> Task brief
After locating the line that contains "this 1512×1344 image.", restate it and each later line word for word through the end of the records.

> Exercise inputs

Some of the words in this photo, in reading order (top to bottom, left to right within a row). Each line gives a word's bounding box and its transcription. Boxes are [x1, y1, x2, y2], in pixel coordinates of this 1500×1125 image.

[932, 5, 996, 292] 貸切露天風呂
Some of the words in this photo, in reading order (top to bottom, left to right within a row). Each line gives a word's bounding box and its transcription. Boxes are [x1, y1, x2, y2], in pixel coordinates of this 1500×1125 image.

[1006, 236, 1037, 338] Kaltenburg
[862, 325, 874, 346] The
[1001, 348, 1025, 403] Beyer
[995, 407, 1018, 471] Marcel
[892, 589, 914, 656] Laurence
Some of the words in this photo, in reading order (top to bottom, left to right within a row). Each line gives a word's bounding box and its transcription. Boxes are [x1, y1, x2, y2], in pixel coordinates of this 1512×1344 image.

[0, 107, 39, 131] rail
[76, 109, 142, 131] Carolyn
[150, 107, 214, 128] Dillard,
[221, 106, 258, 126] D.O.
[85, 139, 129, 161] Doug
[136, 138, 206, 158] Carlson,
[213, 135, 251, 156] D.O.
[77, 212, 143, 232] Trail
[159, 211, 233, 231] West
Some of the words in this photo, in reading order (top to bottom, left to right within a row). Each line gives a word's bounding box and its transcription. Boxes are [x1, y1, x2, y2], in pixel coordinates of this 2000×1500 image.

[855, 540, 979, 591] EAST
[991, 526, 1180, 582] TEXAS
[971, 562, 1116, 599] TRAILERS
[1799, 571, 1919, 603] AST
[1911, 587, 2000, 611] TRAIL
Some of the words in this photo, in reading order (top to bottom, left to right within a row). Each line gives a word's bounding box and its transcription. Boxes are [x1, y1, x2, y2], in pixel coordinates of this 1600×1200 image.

> Solved exercise
Some of the words in this photo, in reading order (top to bottom, left to right within a row). Each line gives a word's bounding box and its transcription. Boxes are [x1, y1, x2, y2], in pixel coordinates of this 1512×1344 image.

[0, 107, 39, 131] rail
[76, 109, 142, 131] Carolyn
[150, 107, 214, 128] Dillard,
[221, 106, 258, 126] D.O.
[85, 139, 129, 161] Doug
[136, 138, 206, 158] Carlson,
[213, 135, 251, 156] D.O.
[77, 212, 143, 232] Trail
[159, 211, 233, 231] West
Some of the words in this photo, in reading order (top to bottom, left to right within a row). Each line gives a word's bounding box and its transcription. Boxes are [x1, y1, x2, y2], in pixel coordinates of this 2000×1500 image.

[855, 540, 979, 591] EAST
[991, 526, 1180, 582] TEXAS
[971, 562, 1116, 599] TRAILERS
[1799, 571, 1919, 603] AST
[1911, 587, 2000, 611] TRAIL
Some of the words in this photo, in reading order (top to bottom, left to right within a row). Each line gives a word's bounding box and its transcription. Boxes are [x1, y1, x2, y2], in pixel coordinates of this 1600×1200 image.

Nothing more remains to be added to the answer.